BRIEF:
Output, exactly and alone, the lines from the one containing "this 1650×1100 image." through the last line of the material below, both ends included.
**** DATA UNDER STUDY ****
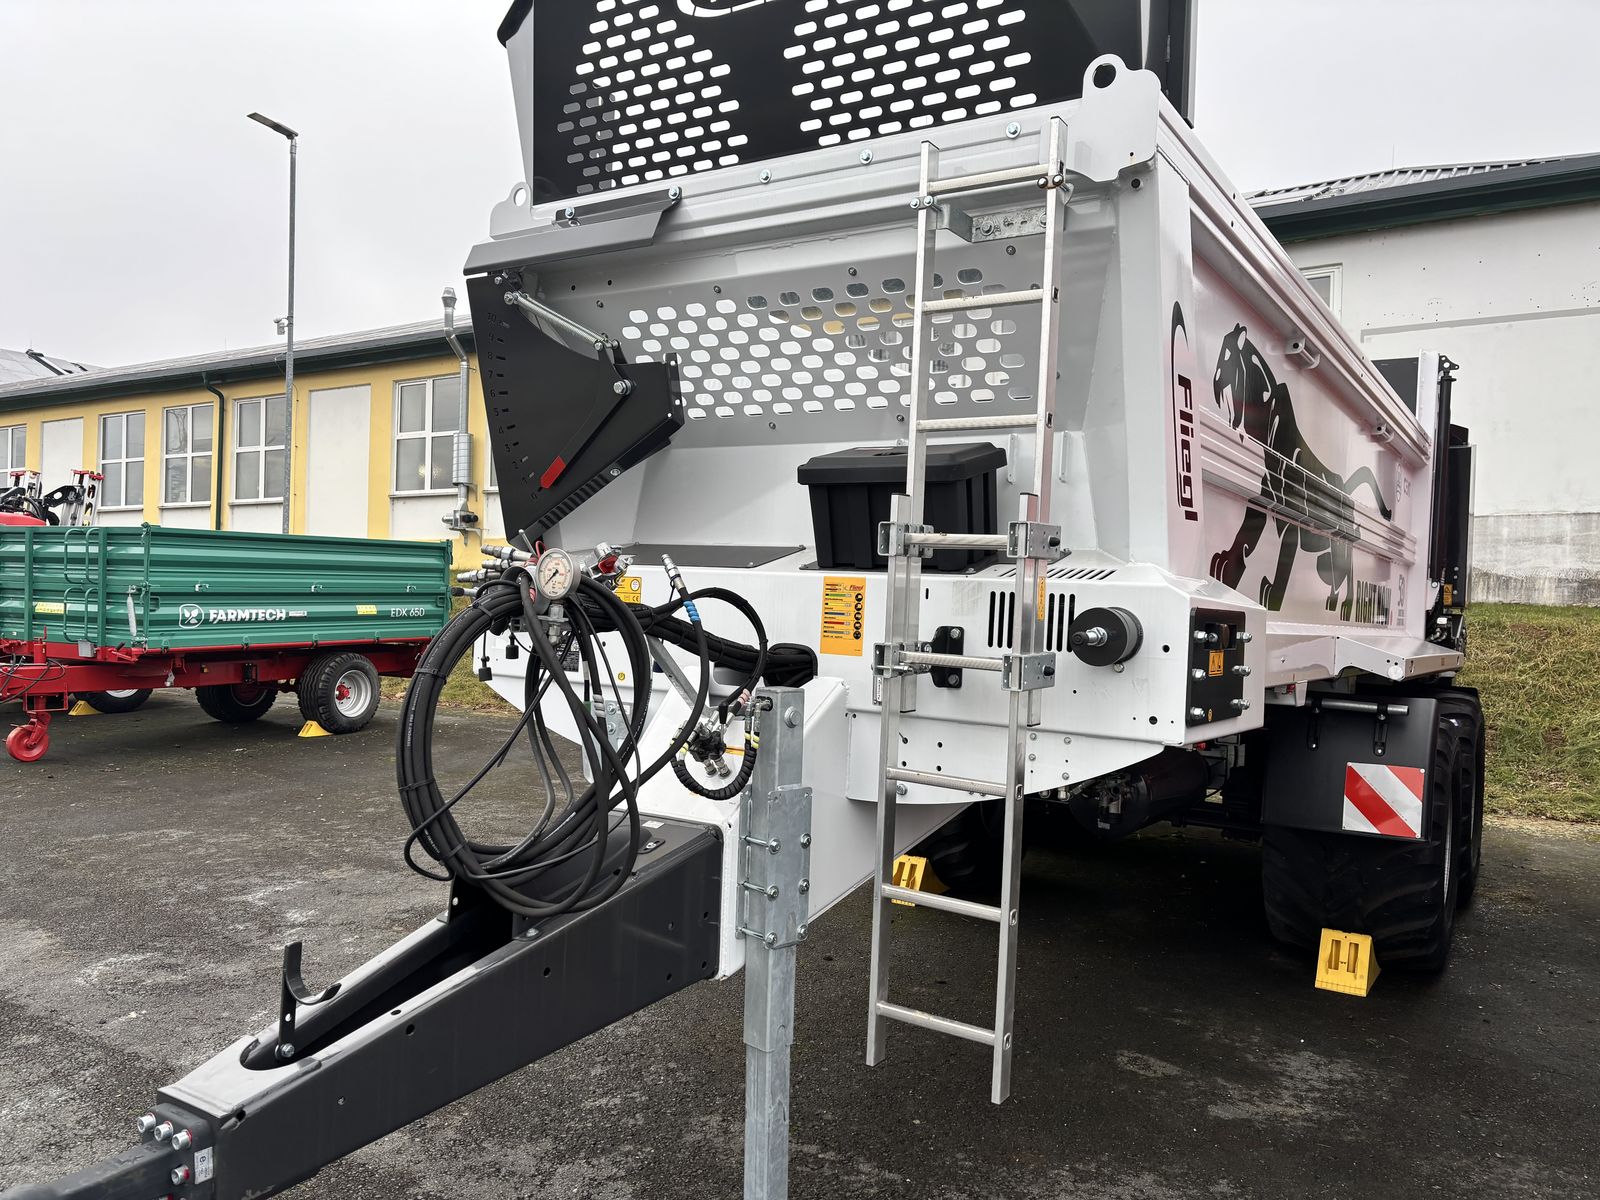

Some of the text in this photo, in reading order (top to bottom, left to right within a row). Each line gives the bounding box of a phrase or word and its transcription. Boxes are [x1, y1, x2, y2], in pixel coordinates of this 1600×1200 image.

[1177, 373, 1199, 522] Fliegl
[208, 608, 287, 625] FARMTECH
[390, 607, 425, 618] EDX 650
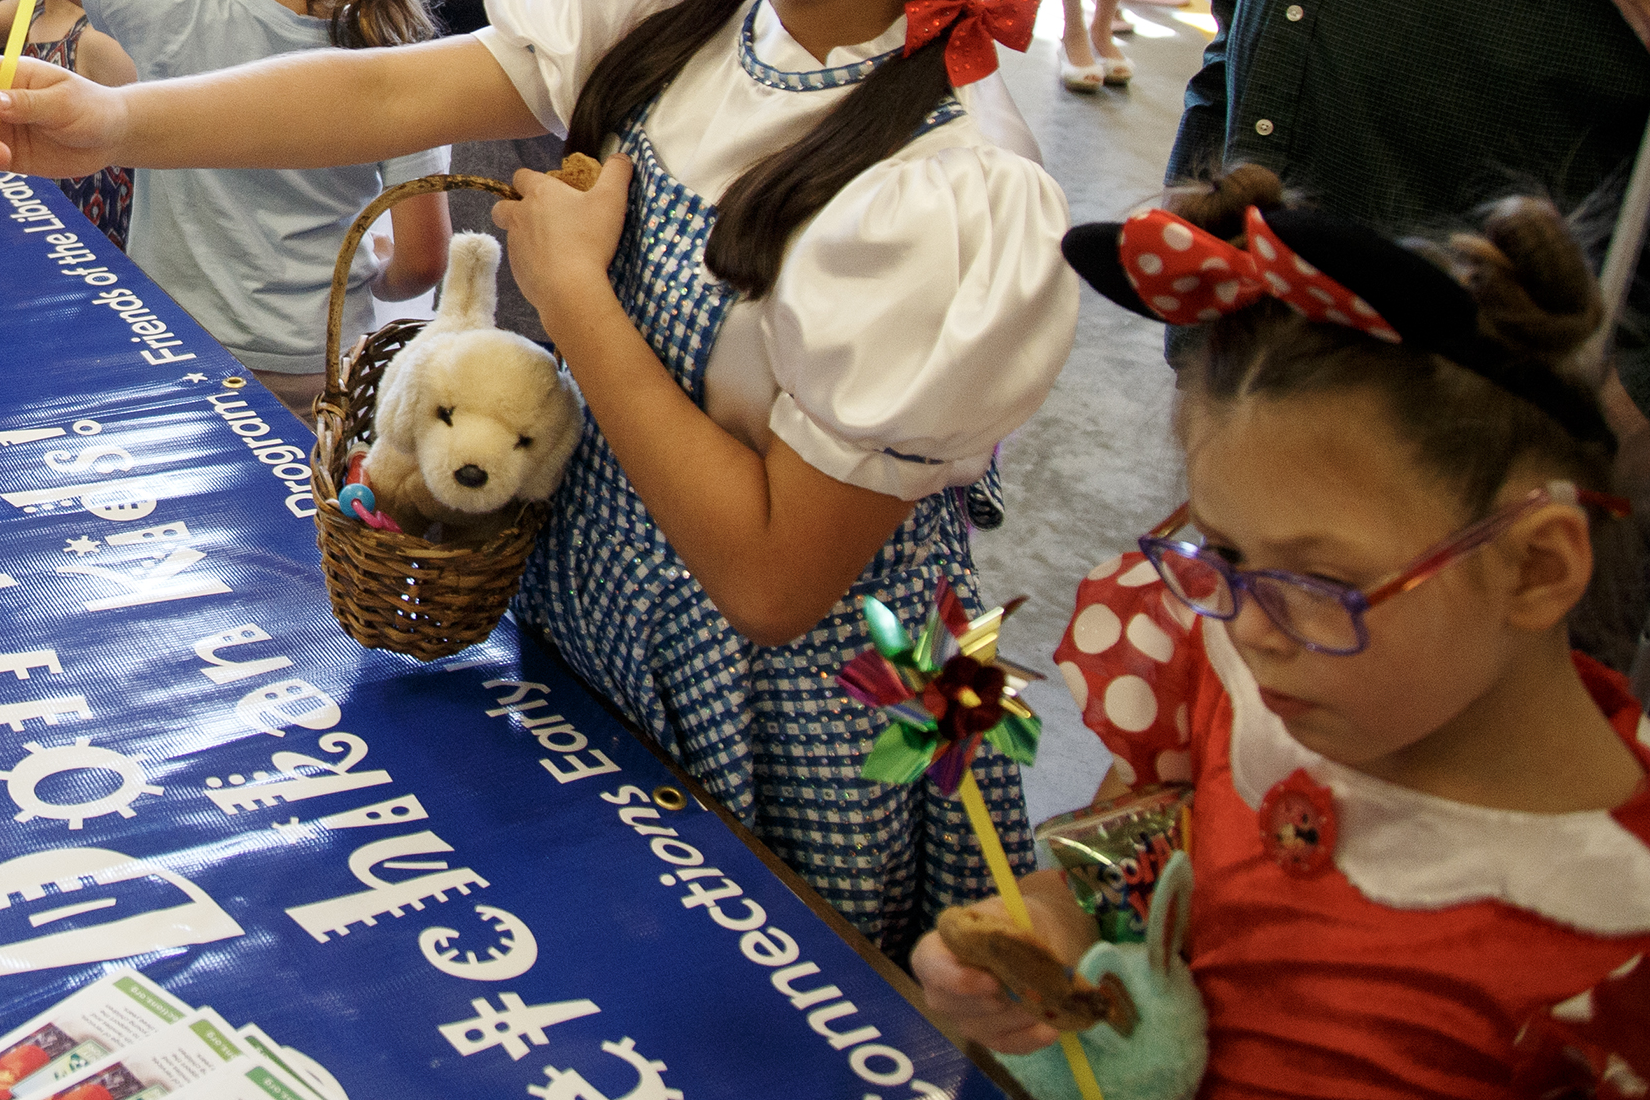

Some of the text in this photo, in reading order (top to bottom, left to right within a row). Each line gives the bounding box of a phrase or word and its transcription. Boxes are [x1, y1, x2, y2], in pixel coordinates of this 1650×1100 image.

[46, 232, 96, 265] the
[61, 266, 118, 286] of
[92, 288, 197, 365] Friends
[207, 391, 318, 519] Program
[482, 678, 622, 784] Early
[204, 622, 685, 1100] etchikan
****
EXERCISE SOLUTION:
Some of the text in this photo, in reading order (top to bottom, left to right within a row). Each line gives the bounding box of a phrase or word and its transcription. Boxes are [x1, y1, x2, y2], in pixel coordinates of this 1650×1100 image.

[46, 232, 96, 265] the
[61, 266, 118, 286] of
[92, 288, 197, 365] Friends
[207, 391, 318, 519] Program
[482, 678, 622, 784] Early
[204, 622, 685, 1100] etchikan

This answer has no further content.